Hunting the Ghosts of Put-in-Bay | Midwest Living

Hunting the Ghosts of Put-in-Bay

On the surface, there’s nothing spooky about Put-in-Bay, a colorful Lake Erie island just a 20-minute ferry ride from mainland Ohio. The bustling destination, dotted with Key West-like bars and family-friendly tourist traps, seems a far reach from the cornfields across the pond.

The endless waves of color and kitsch are enough to distract the casual visitor from a dark 200-year history that seems to plague this place. And if you’re curious—as I was—to uncover the “other” side of Put-in-Bay, the island’s ghost tours deliver.

We meet our tour guide Marc Bellizzi on a crisp summer evening at the Put-in-Bay Resort and Conference Center. Marc is quintessential Sicilian: bulky build, booming voice and totally capable of scaring the heck out of people when he wants. This is going to be a blast.

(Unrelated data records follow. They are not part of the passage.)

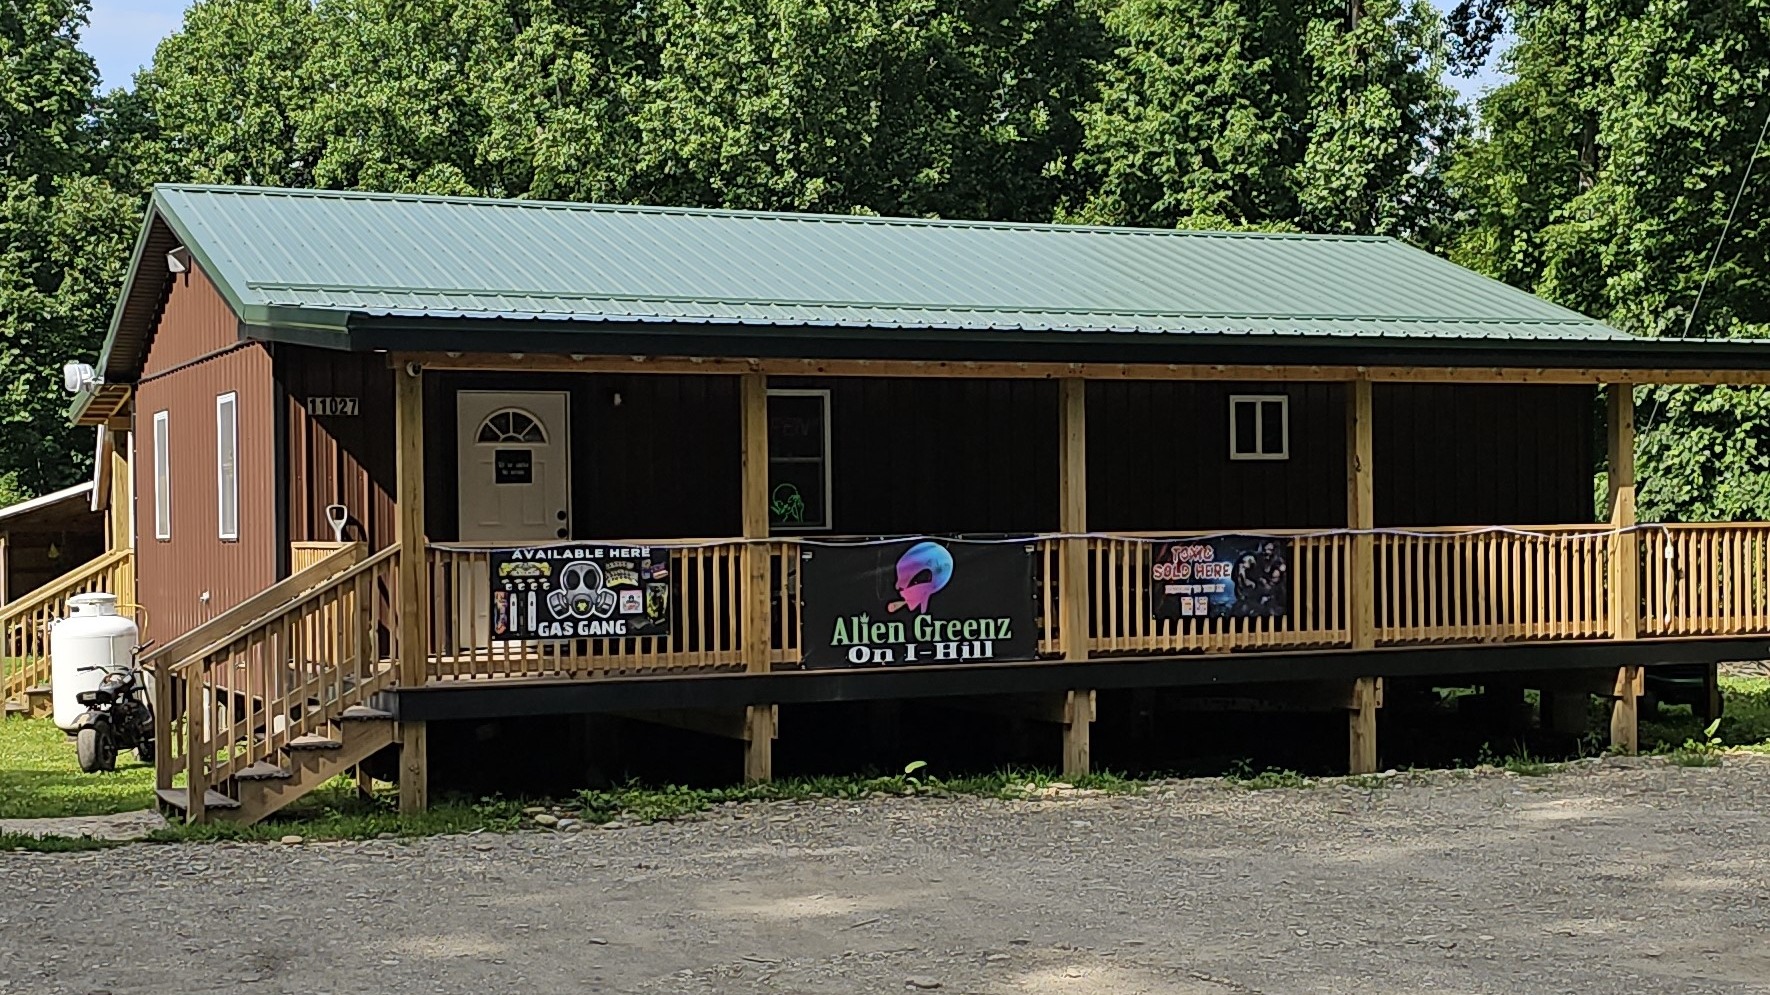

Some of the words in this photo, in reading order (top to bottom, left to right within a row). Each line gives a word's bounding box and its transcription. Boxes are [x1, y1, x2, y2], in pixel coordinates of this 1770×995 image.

[309, 397, 357, 415] 11027
[511, 548, 604, 560] AVAILABLE
[610, 548, 650, 558] HERE
[1171, 545, 1215, 562] TOXIC
[1153, 562, 1191, 580] SOLD
[1194, 561, 1233, 579] HERE
[538, 621, 574, 637] GAS
[577, 619, 627, 636] GANG
[830, 612, 906, 646] Alien
[914, 614, 1012, 642] Greenz
[848, 645, 895, 664] On
[904, 641, 994, 663] I-Hill
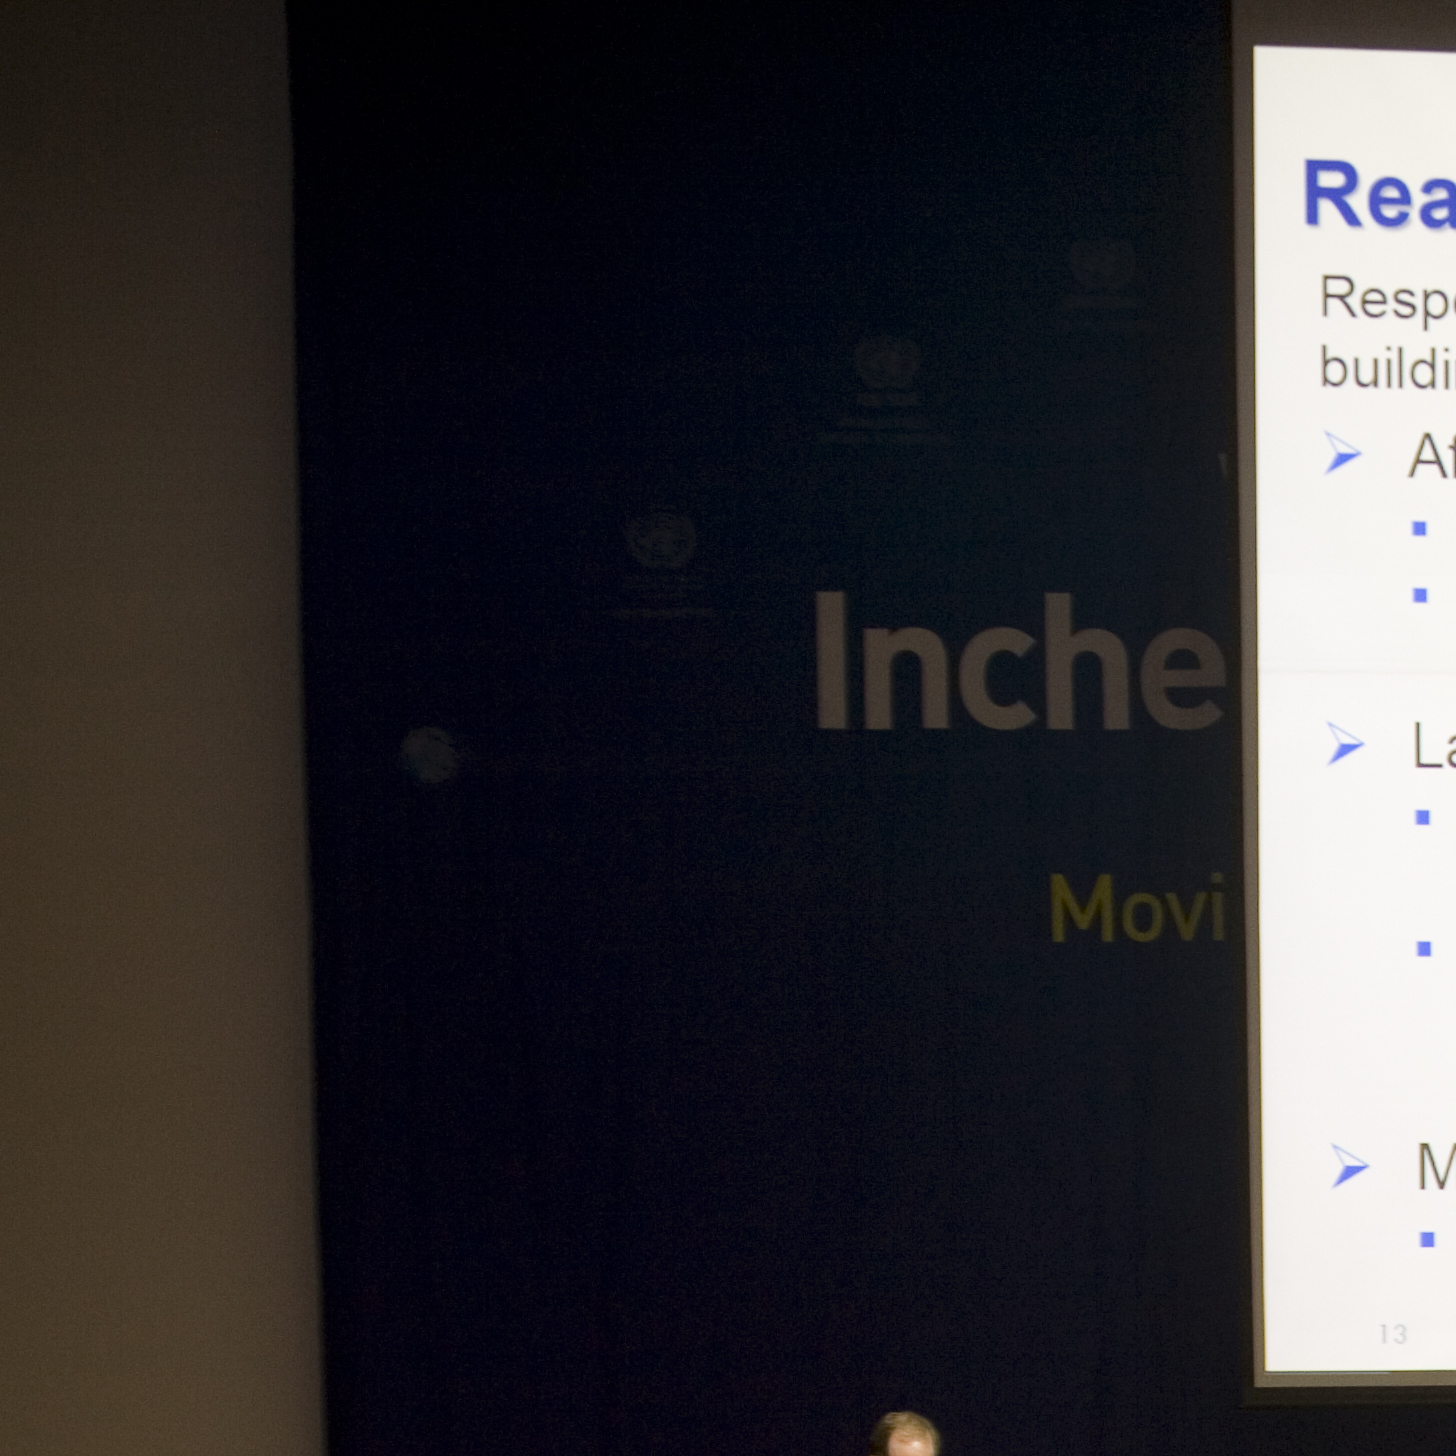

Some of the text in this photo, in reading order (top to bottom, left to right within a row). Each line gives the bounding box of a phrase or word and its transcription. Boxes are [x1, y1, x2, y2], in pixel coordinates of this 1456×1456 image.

[814, 590, 1227, 731] Inche
[1050, 872, 1225, 943] Movi
[1379, 1324, 1407, 1344] 13
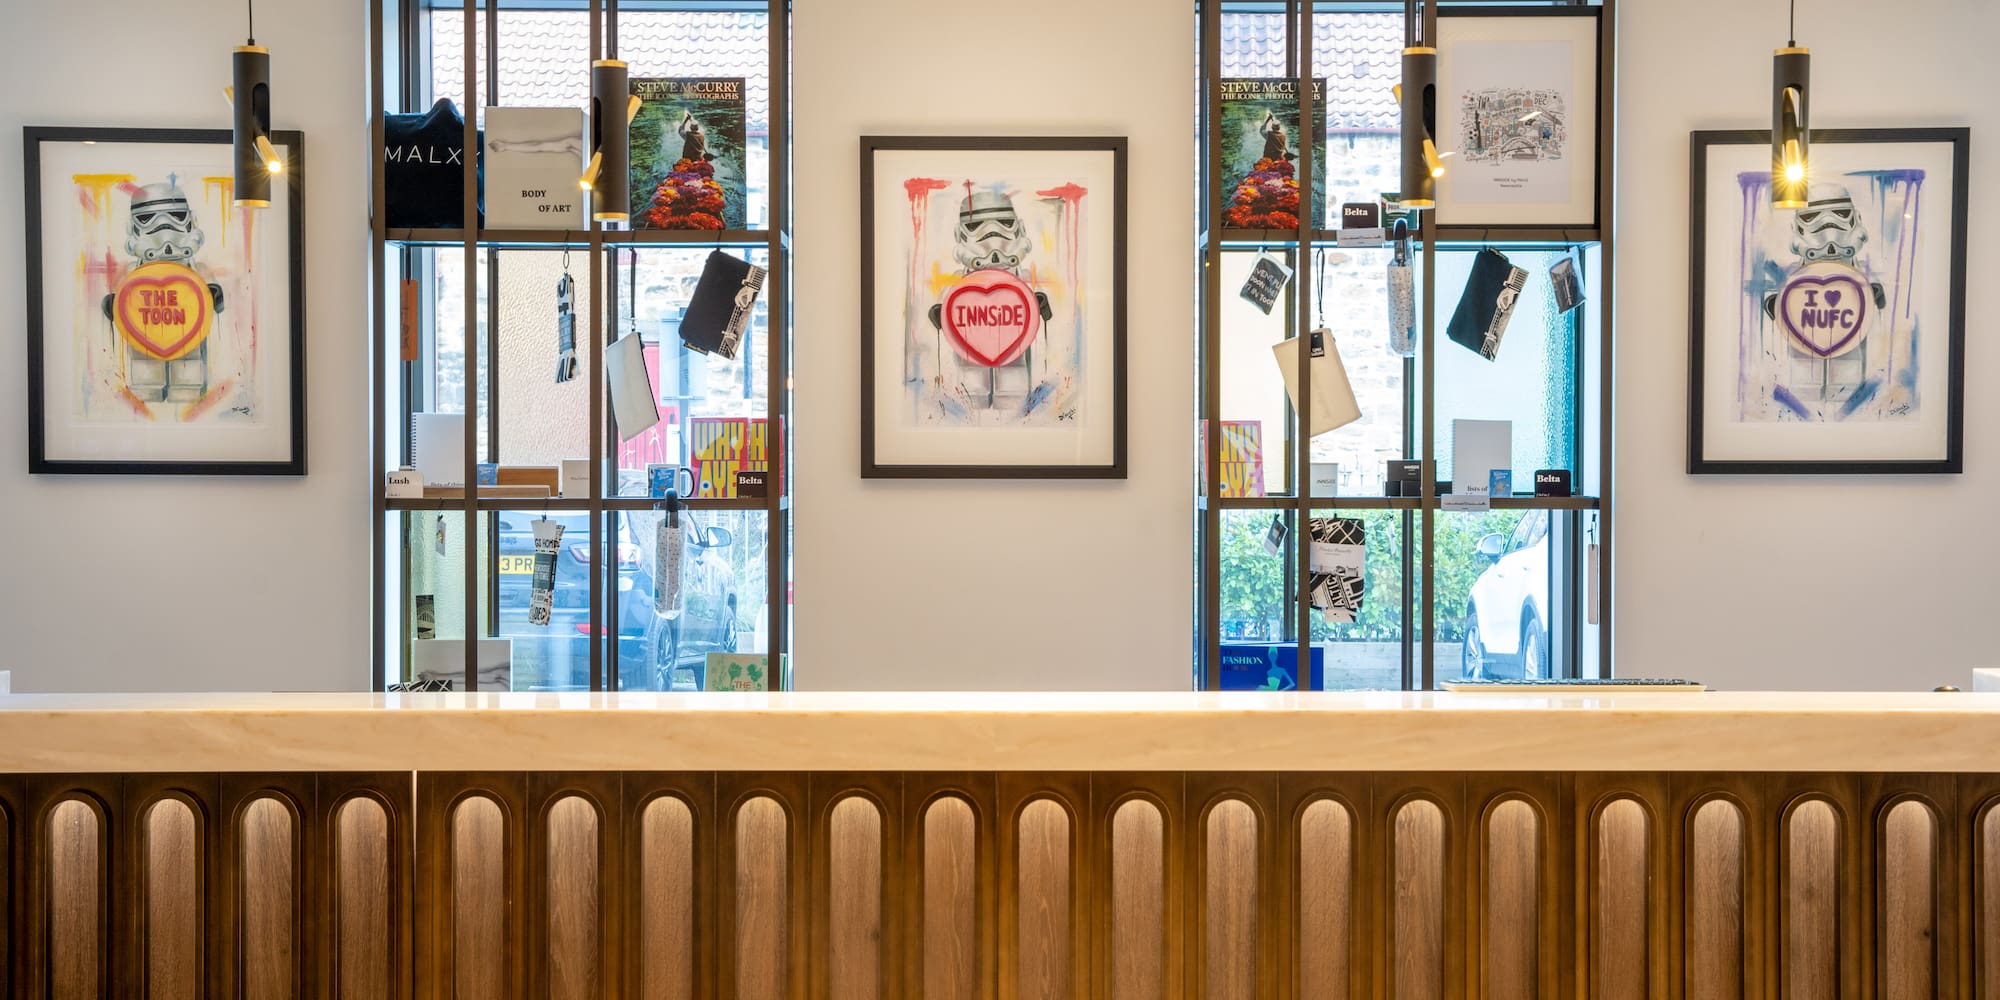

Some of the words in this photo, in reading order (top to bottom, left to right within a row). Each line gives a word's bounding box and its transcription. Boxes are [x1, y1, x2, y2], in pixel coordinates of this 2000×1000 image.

[637, 81, 678, 93] STEVE
[680, 81, 741, 93] McCURRY
[1220, 81, 1260, 93] STEVE
[1262, 81, 1322, 93] McCUY
[521, 190, 547, 198] BODY
[538, 204, 551, 213] OF
[552, 204, 572, 213] ART
[1344, 207, 1369, 216] Belta
[139, 289, 178, 306] THE
[1804, 290, 1819, 307] I
[138, 307, 186, 326] TOON
[1801, 308, 1855, 329] NUFC
[694, 421, 744, 460] WHY
[388, 477, 410, 485] Lush
[698, 460, 739, 498] AYE
[739, 476, 763, 485] Belta
[1536, 474, 1561, 483] Belta
[502, 557, 510, 571] 3
[514, 557, 533, 571] PR
[1222, 655, 1264, 665] FASHION
[734, 680, 752, 689] THE
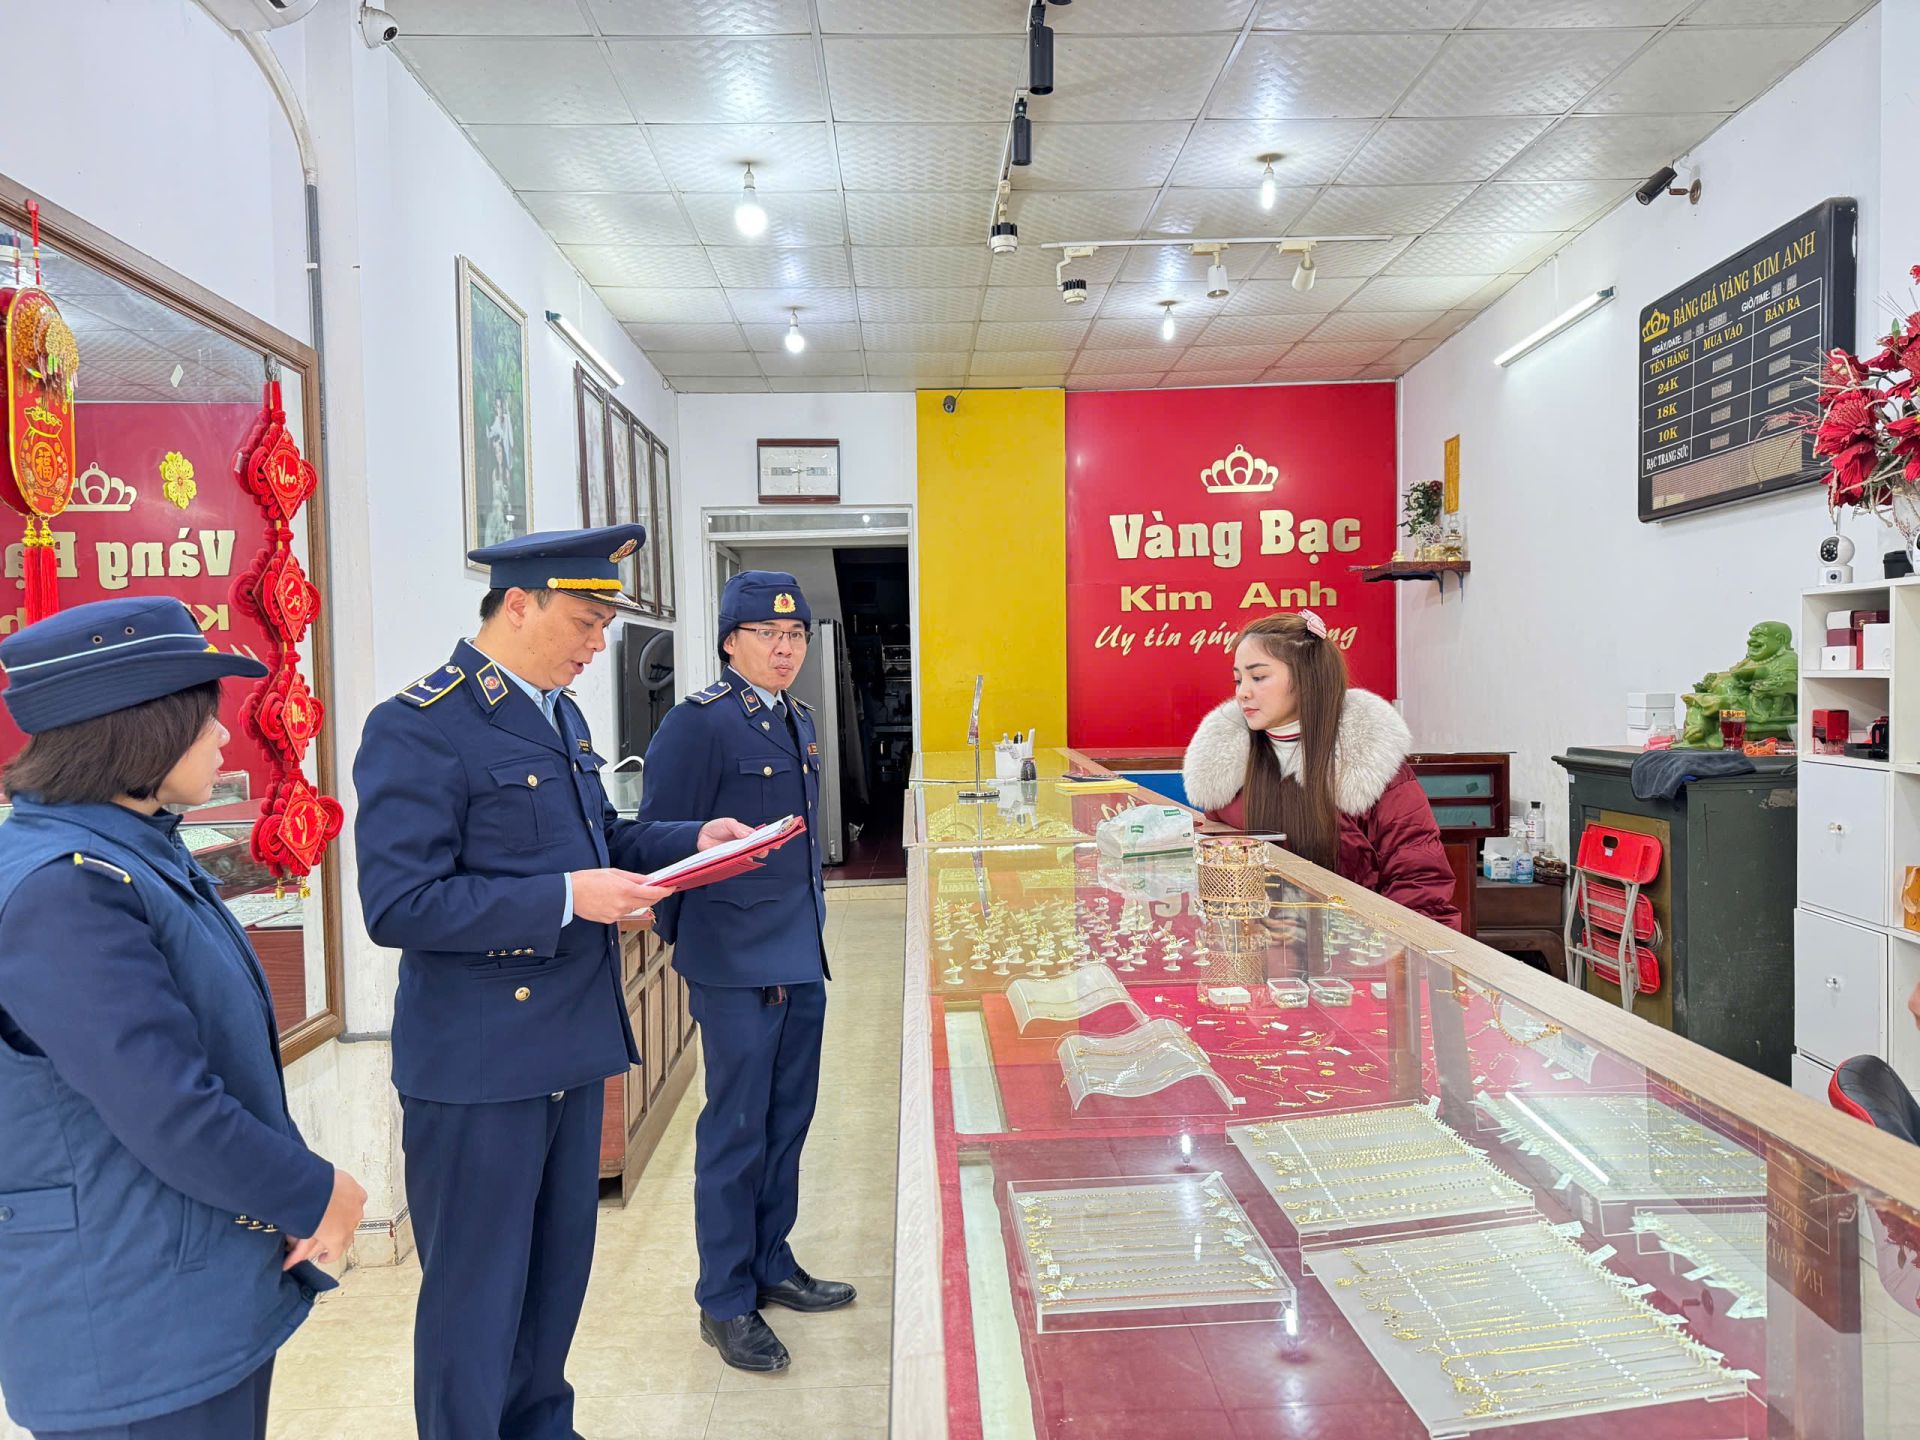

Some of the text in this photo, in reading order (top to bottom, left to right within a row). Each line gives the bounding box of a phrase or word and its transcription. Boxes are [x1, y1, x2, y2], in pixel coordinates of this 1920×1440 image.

Our small group of eight “ghost hunters” hops into golf carts—the preferred mode of transportation on the island. A lakefront breeze whistles through the carts as we approach Put-in-Bay Winery, a cutesy tasting room housed in the imposing Victorian-Era Doller House. As we step off the carts, Marc’s eyes bulge like a cartoon character. He stops in his tracks, completely unsettled. “I always get a strange feeling when I’m here,” he says. “Follow me, guys.”

And we do, snickering a bit about our theatrical guide before heading through the tasting room and into the living space of the 1800s-era home where Marc dishes on the dark Doller family history. To sum it up, a maniacally controlling father kept his adventure-seeking daughter Olga from leaving the house. When she escaped one night to see a boy, the father found out and forbade Olga from ever leaving the house until her dying day...and beyond. See where this is going? Marc pointed at the wheelchair in the room. “This is where Olga likes to sit,” he says with all sincerity. And then, silence. We wait for the chair to move. Marc shudders…then tells us to take a picture in case we capture an “orb” of Olga. I snap a quick photo:

As we leave the building, Marc invites us to take one last look at the top turret of the Doller House. “Olga likes to look out from this window a lot,” he says. “Just turning toward it gives me the creeps.” We wait in silence. No ghost sighting. But maybe at the next stop.

As darkness falls, our two-cart caravan speeds along dimly lit roads, worlds away from the island’s packed bars and glowing hotels. We stop at a graveyard, flashing photos like paparazzi, trying to capture those elusive orbs.

Our final stop is at the South Bass Island Lighthouse, where Marc shares stories of mysterious drownings as we stare silently into the mist-veiled, moonlit waters of Lake Erie. For the first time, I get chills. And it isn't because of the breeze.

One of the golf carts breaks down on our way back to the resort, forcing some participants to wait for a rescue vehicle. “Maybe it’s Olga,” someone says. Marc cracks up. Finally.